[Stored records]
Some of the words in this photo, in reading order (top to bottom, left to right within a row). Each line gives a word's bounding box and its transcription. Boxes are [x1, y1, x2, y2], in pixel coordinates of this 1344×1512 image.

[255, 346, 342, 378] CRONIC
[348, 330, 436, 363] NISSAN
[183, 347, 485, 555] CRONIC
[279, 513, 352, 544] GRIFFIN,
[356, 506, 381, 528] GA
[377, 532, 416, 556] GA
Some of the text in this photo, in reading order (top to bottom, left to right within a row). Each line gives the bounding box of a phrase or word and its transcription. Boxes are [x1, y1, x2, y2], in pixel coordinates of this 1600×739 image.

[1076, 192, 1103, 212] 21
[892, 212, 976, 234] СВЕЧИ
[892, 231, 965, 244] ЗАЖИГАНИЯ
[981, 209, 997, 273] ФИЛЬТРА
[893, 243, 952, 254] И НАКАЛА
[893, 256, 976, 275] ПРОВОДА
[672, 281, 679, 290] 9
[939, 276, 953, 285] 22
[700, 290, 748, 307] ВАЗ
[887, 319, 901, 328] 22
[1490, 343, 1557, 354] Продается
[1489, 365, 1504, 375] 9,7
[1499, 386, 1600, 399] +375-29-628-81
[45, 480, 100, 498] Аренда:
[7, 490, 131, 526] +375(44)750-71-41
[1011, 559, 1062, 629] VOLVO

## Work instruction
Every line from the one containing "Some of the text" through the last line above should be retyped exactly; no other lines are wanted.

## Task answer
Some of the text in this photo, in reading order (top to bottom, left to right within a row). Each line gives the bounding box of a phrase or word and its transcription. Boxes are [x1, y1, x2, y2], in pixel coordinates of this 1600×739 image.

[1076, 192, 1103, 212] 21
[892, 212, 976, 234] СВЕЧИ
[892, 231, 965, 244] ЗАЖИГАНИЯ
[981, 209, 997, 273] ФИЛЬТРА
[893, 243, 952, 254] И НАКАЛА
[893, 256, 976, 275] ПРОВОДА
[672, 281, 679, 290] 9
[939, 276, 953, 285] 22
[700, 290, 748, 307] ВАЗ
[887, 319, 901, 328] 22
[1490, 343, 1557, 354] Продается
[1489, 365, 1504, 375] 9,7
[1499, 386, 1600, 399] +375-29-628-81
[45, 480, 100, 498] Аренда:
[7, 490, 131, 526] +375(44)750-71-41
[1011, 559, 1062, 629] VOLVO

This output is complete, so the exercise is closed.